The purpose of this thesis is to provide better insight into isosurface interactions in premixed turbulent flames. These interactions for a suitable isosuface corresponding to the reaction zone can be interpreted as flame-flame interactions. Isosurface interactions can be identified with the help of Morse theory of critical points and the local topology at critical points can be evaluated. In previous studies, the interactions have been categorised into four different groups, namely reactant pocket, tunnel formation, tunnel closure and product pocket. The effect of isosurface interactions on flame propagation is analysed by expanding the equations for Surface Density Function (SDF) and displacement speed in the vicinity of a critical point and Direct Numerical Simulation (DNS) is used to validate the theoretical results. In particular, the formation of isolated pockets of reactants or products is associated with flame pinch--off events which cause rapid changes in the flame surface area. In the past, the analysis of pocket formation in turbulent premixed flames has been carried out in two dimensions. In this thesis, the topological analysis is carried out in three dimensions with emphasis on the formation and subsequent burnout of reactant pockets. The terms of the SDF transport equation show singular behaviour which was also observed in the previous two--dimensional analysis. Singular behaviour is also observed in the terms of the displacement speed equation close to reactant pocket burnout. The theory is compared against DNS data from hydrogen--air flames and good agreement is obtained.

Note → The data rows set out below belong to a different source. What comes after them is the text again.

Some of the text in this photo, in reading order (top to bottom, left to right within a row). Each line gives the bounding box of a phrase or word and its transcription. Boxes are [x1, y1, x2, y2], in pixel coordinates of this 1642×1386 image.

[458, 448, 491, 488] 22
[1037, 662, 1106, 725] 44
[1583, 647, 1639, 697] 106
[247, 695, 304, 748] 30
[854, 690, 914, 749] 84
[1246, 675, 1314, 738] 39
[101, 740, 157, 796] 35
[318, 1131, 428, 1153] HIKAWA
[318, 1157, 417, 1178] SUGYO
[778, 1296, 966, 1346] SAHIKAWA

Histograms showing the frequency of occurrence of each topological event are presented for different hydrogen and hydrocarbon flame cases. The analysis is first carried out in a twin flame setup with two flames propagating towards each other. It is observed that the relative frequency of occurrence of each type of topology changes with changes in turbulence intensity. With increasing turbulence intensity in hydrocarbon flames, the fraction of product pockets and tunnel formation events increases whereas the fraction of reactant pockets and tunnel closure events decreases. The results for hydrocarbon flames are compared with those for hydrogen flames and the differences are explained both qualitatively and quantitatively. Self-interactions in single hydrocarbon flames are also analysed and it is found that a significant number of self interactions exist within individual flames. The analysis is further extended to systematic variations in integral length scale as well as turbulence intensity.